* _EXERCISE INSTRUCTIONS_
Return, word for word, every entry in the listing below, but not its images.

* _SUPPLIED MATERIAL_
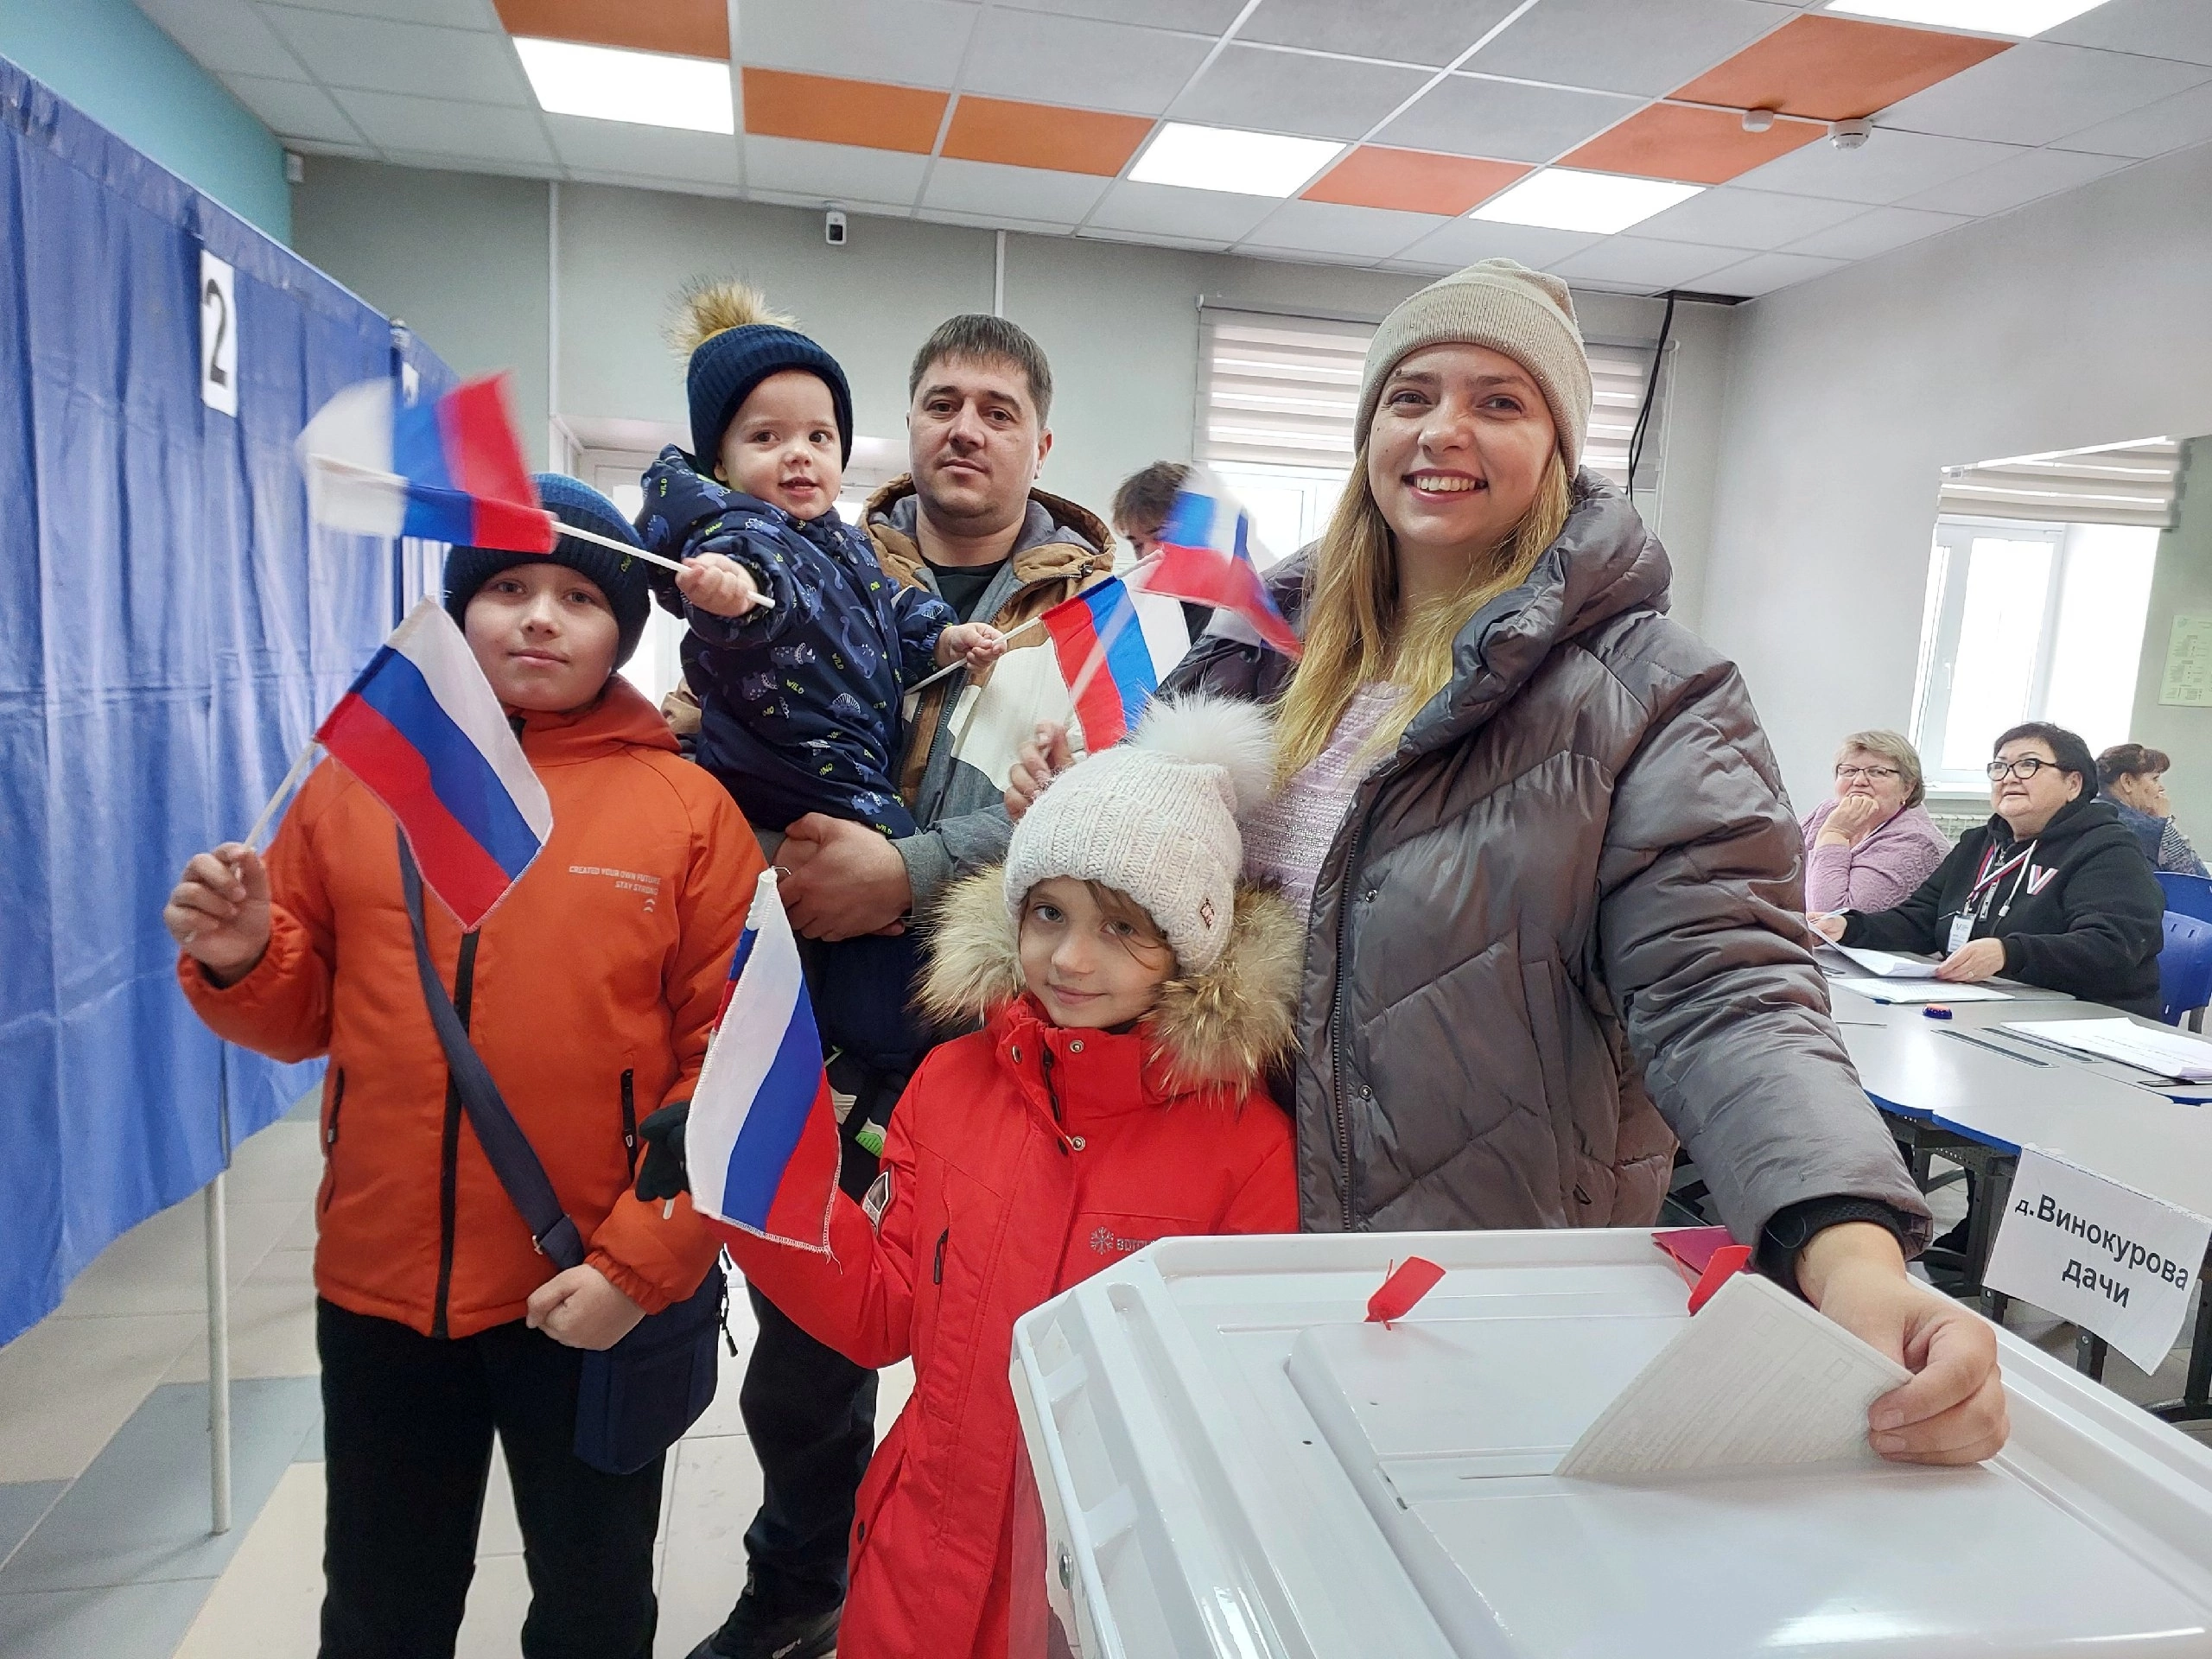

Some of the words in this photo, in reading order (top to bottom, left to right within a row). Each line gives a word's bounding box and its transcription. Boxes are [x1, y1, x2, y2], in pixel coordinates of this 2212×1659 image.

[204, 279, 228, 387] 2
[786, 679, 804, 695] WILD
[875, 823, 892, 835] WILD
[601, 868, 619, 877] YOUR
[620, 870, 636, 880] OWN
[637, 873, 661, 884] FUTURE
[615, 880, 632, 890] STAY
[633, 883, 658, 895] STRONG
[2014, 1193, 2189, 1291] д.Винокурова
[2062, 1258, 2130, 1308] дачи

* _SOLUTION_
Some of the words in this photo, in reading order (top to bottom, left to right within a row). Each line gives a word's bounding box and its transcription. Boxes are [x1, y1, x2, y2], in pixel coordinates of this 2212×1659 image.

[204, 279, 228, 387] 2
[786, 679, 804, 695] WILD
[875, 823, 892, 835] WILD
[601, 868, 619, 877] YOUR
[620, 870, 636, 880] OWN
[637, 873, 661, 884] FUTURE
[615, 880, 632, 890] STAY
[633, 883, 658, 895] STRONG
[2014, 1193, 2189, 1291] д.Винокурова
[2062, 1258, 2130, 1308] дачи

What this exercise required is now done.